Food & Beverage Industry: Balancing High Material Costs, Fast Innovation, and Operational Excellence

This article is based on an interview between Rached Benabdallah from Quaternaire and Mathieu Cura from Optimistik. It outlines the challenges facing the food and beverage industry and the resources needed to address them.

The challenges of the food and beverage industry

The agri-food industry faces five major challenges: customer, material, environmental, human, and sanitary.

  • A customer challenge, driven by price pressure from mass retailers, requiring strong competitiveness and differentiation through a strong brand or a clear signature.
  • A material challenge, closely tied to volatile raw material costs, forcing companies to reinvent their economic models. It is also linked to raw material scarcity. Raw materials are now a limited resource, with major volume fluctuations driven by the climate.
  • The environmental challenge is pushing the industry to invest in reducing its environmental footprint. Companies must produce more while consuming less, while meeting strict constraints on water and energy use, as well as emissions.
  • The human challenge is marked by severe recruitment difficulties. Because working conditions can be demanding, the industry is becoming less attractive to younger people. In addition, turnover rates are high.

Finally, the sector faces a sanitary constraint that requires total control of product quality. This constraint covers everything related to food defense (protecting production lines against intentional or malicious contamination) and food safety (preventing accidental contamination). Meeting this sanitary constraint is essential to avoid a product recall, the worst-case scenario, which damages brand image and results in financial and reputational losses.

Balance between high material cost and rapid innovation cycles

There are numerous production requirements and an industrial transfer. The sector possesses strong technical specificities, such as high material costs and rapid innovation cycles.

On the one hand, raw materials itself represent a massive expense, accounting for 70 to 80% of the cost price. On the other hand, the industry faces very short innovation cycles ranging from 6 months to 2 years, which demand the constant development and renewal of high-quality products.
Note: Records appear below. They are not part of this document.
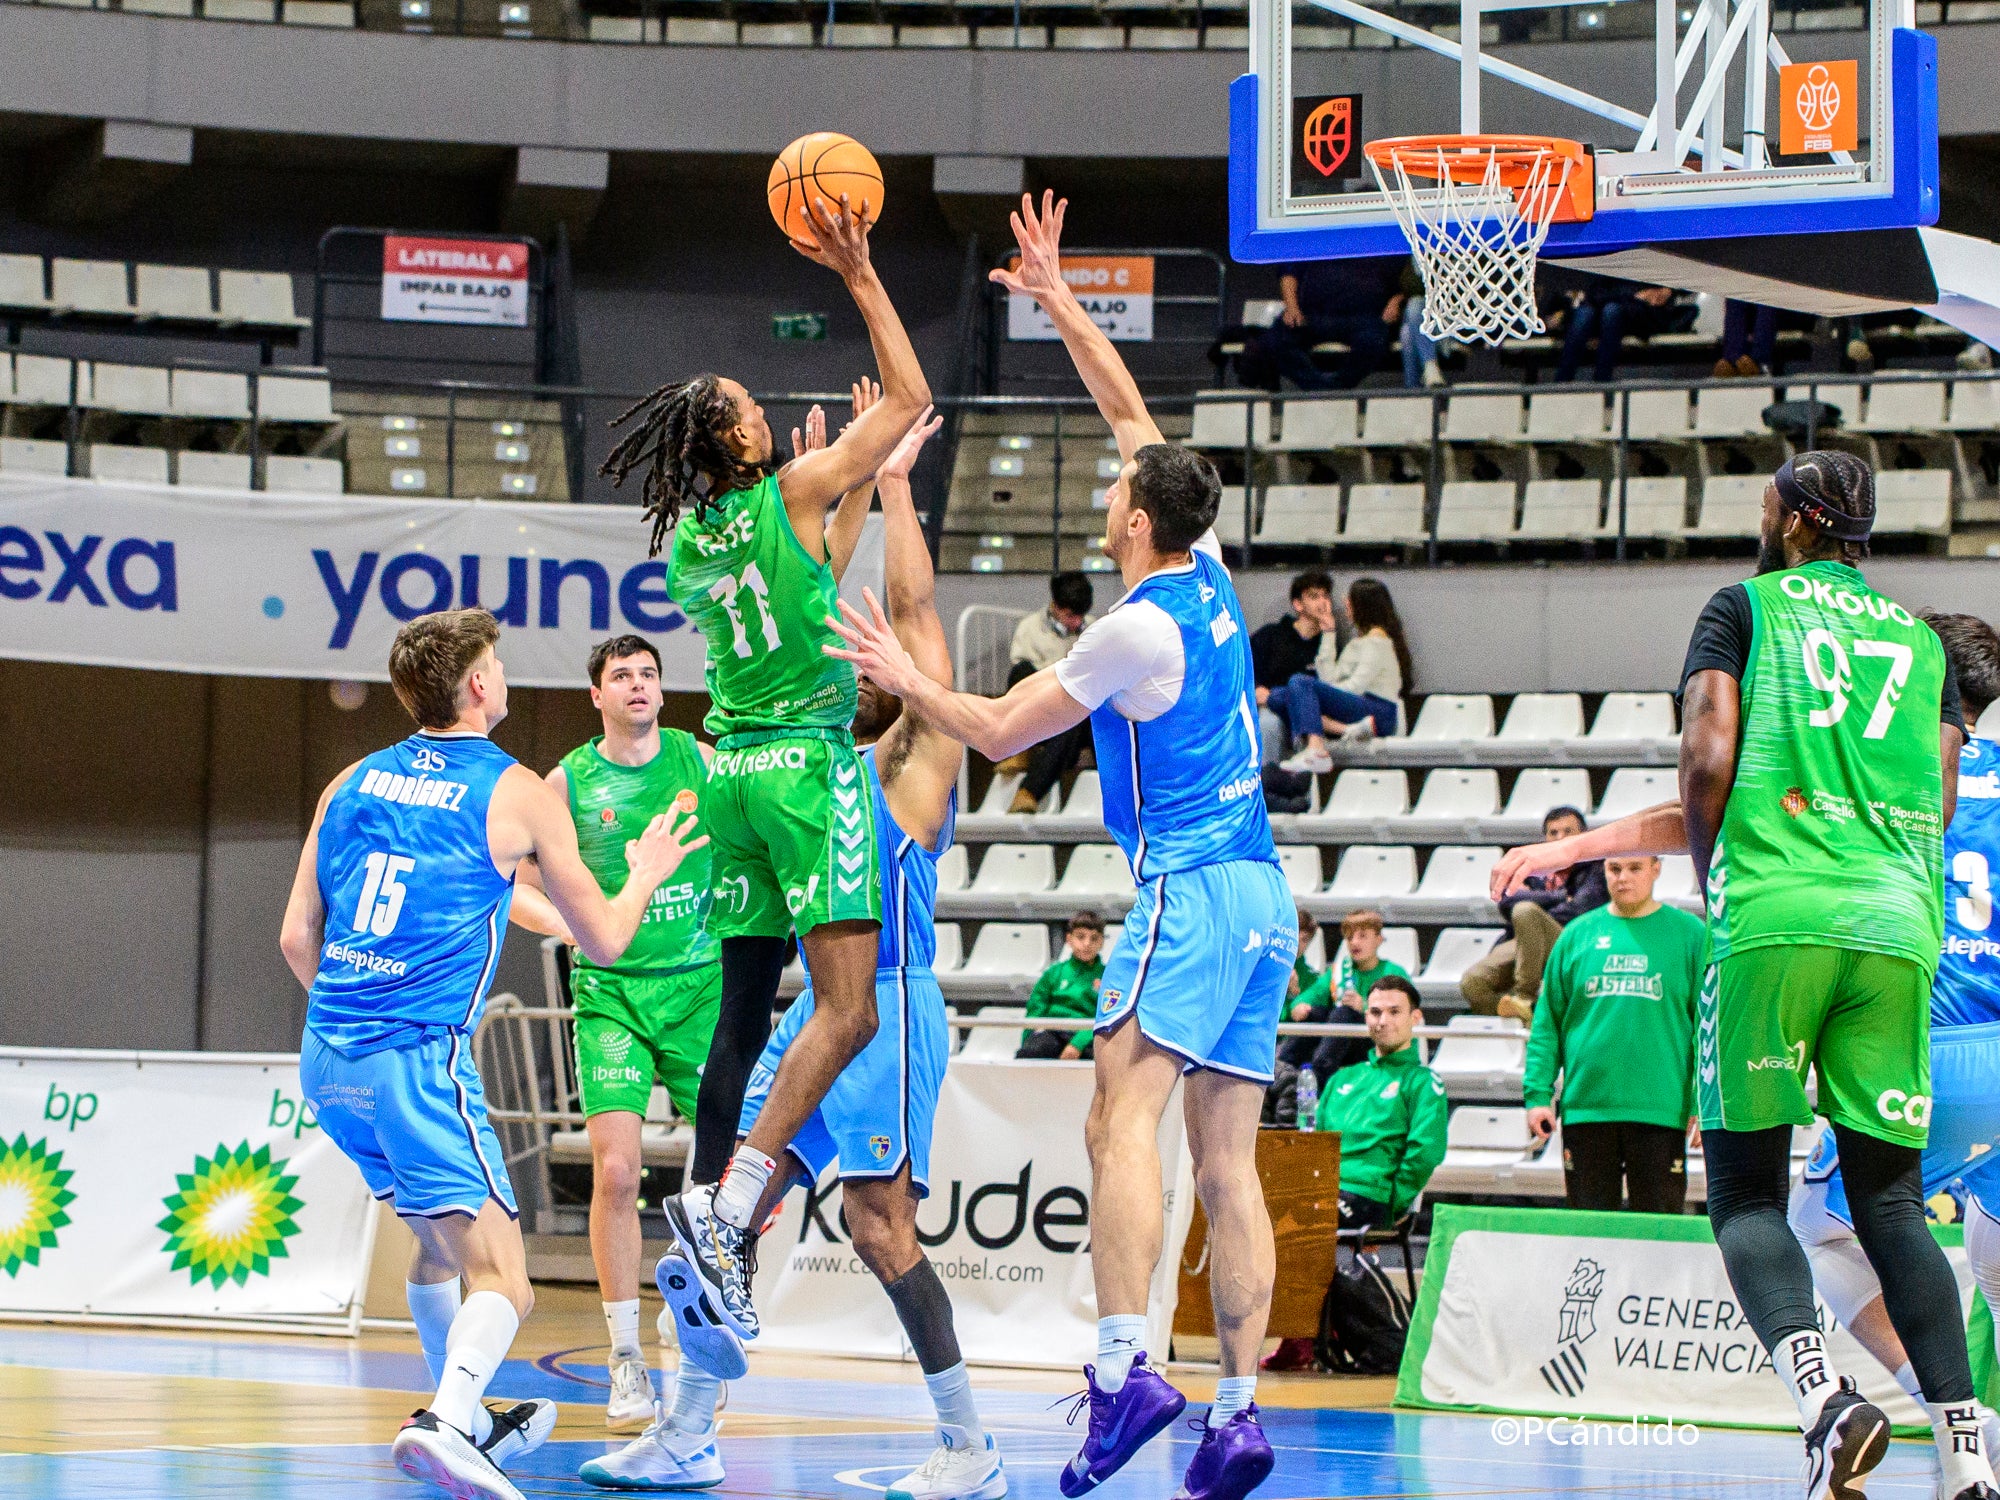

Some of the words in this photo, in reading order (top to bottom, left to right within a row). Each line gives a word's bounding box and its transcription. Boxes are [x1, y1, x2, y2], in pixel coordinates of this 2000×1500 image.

[1332, 103, 1348, 111] FEB
[1804, 140, 1832, 150] FEB
[399, 249, 493, 270] LATERAL
[497, 254, 514, 271] A
[1114, 268, 1130, 287] C
[400, 279, 457, 295] IMPAR
[462, 283, 511, 299] BAJO
[0, 524, 178, 614] exa
[312, 549, 700, 650] youne
[1780, 575, 1915, 627] OKOUO
[1803, 628, 1913, 740] 97
[1238, 690, 1259, 768] 1
[411, 748, 449, 772] as
[358, 768, 469, 812] RODRÍGUEZ
[1889, 806, 1939, 824] Diputació
[1889, 819, 1902, 829] de
[1903, 820, 1942, 837] Castelló
[352, 851, 416, 937] 15
[641, 893, 700, 924] STELLÓ
[649, 882, 695, 906] MICS
[1952, 850, 1992, 932] 3
[325, 941, 408, 977] telepizza
[1602, 953, 1648, 973] AMICS
[592, 1065, 642, 1083] ibertic
[44, 1082, 98, 1132] bp
[268, 1088, 320, 1139] bp
[799, 1158, 1092, 1254] Kude
[1614, 1337, 1778, 1374] VALENCIA
Therefore, it is imperative to improve the industrial transfer—the transition from product conception to mass production—in order to effectively reduce the ramp-up period. Improving this industrial transfer ensures an efficient start-up and the production of "right-first-time" products.
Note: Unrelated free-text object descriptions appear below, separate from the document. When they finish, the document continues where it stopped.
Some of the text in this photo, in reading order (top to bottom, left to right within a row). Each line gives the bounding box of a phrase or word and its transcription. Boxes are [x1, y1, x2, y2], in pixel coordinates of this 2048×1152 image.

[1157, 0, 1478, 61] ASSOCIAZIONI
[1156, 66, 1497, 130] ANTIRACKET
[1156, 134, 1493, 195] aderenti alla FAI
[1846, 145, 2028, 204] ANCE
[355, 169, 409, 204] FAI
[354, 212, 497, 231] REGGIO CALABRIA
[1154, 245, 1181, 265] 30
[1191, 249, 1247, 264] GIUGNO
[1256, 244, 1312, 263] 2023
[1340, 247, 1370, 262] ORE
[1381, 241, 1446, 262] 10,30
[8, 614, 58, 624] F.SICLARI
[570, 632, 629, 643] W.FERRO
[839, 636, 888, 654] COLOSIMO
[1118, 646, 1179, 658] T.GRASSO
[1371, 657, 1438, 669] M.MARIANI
However, there is currently a lack of oversight for this mission. The traditional structure (composed of operational staff and middle management running the workshops) struggles to organize the expertise between the teams developing the innovation and those producing it daily.

Structuring Operations to Balance Cost, Innovation, and Execution

To address this, it is necessary to rely on "industrial methods" capable of bridging the gap and defining key parameters. There is also an urgent need to formalize operators' know-how, as many production activities remain manual or semi-manual today. This knowledge is primarily passed down orally; however, given resource scarcity and the sector's loss of attractiveness, it is imperative that this expertise be digitized, structured, and shared to counter rising turnover.

Operational excellence is not just about tools; it relies on three fundamental pillars: the company's organization, methodology, and the human element (skills and know-how).

The deployment of operational excellence must begin on the shop floor. Achieving continuous improvement requires thorough observation and analysis of the field and the company's operations. Conducting a Gemba Walk helps identify losses, such as wasted materials and energy, as well as costs related to labor and machine downtime. Through real-time field observation, it becomes possible to establish production fundamentals and standards, as you can only improve what you measure.

Training teams in these methods is essential, as it makes the manufacturer self-sufficient and enables faster progress.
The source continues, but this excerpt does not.